Couple’s tend to seek counselling because they feel they are stuck in the same problem or issue and cannot change no matter how hard they try to resolve it together. It may have become an entrenched gridlock, each feeling misunderstood or unloved. For some the “stuckness” may have been only over a short period of time but for some it can have been over many years and there is a sense of despair and hopelessness in it ever being different. It can.
Counselling is not about blame or judgement, no matter what the difficulty or what has happened between you. It is a process where the counsellor seeks to help you understand the “why” and then the “how” to change. Sometimes that change means helping a couple end their relationship but that evolves into a considered positive decision not a reaction to what cannot be dealt with.
The couple therapy I offer is Integrative and dynamic. I am an active therapist, engaging openly. There can be laughter and tears with clients but change can and does happen. It is a place for understanding and growth. Out of pain and despair can come greater strength, love and commitment. Relationships can bring out the best and the worst in us as people. It can sustain us and be our rock but it also has the ability to be a destructive and deeply unhappy place, not the sanctuary we seek.

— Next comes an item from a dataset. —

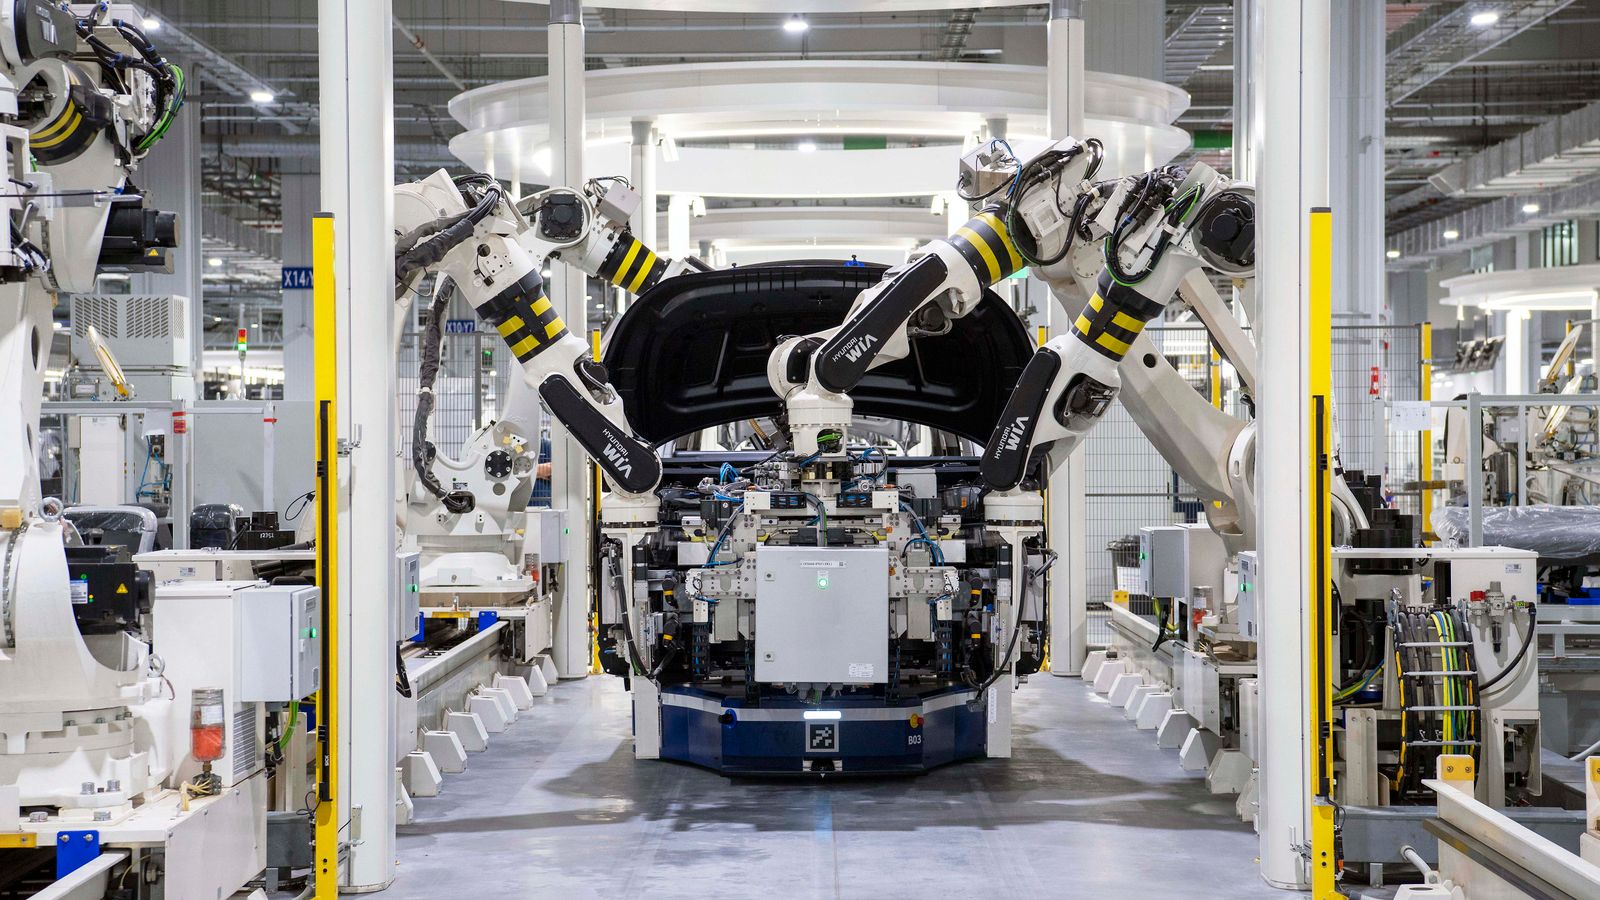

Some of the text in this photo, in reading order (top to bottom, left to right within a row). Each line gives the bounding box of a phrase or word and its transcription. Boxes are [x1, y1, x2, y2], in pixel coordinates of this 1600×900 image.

Couple therapy goes at the pace of the couple, not the therapist. Change can happen after a few sessions (usually a minimum of 8) or it can take greater time when there has developed entrenched patterns of relating, poor communication or a lack of trust.
As a Psychosexually trained therapist I can also help couples to re establish intimacy when they feel ready. Sexual intimacy is often the first casualty of conflict or hurt.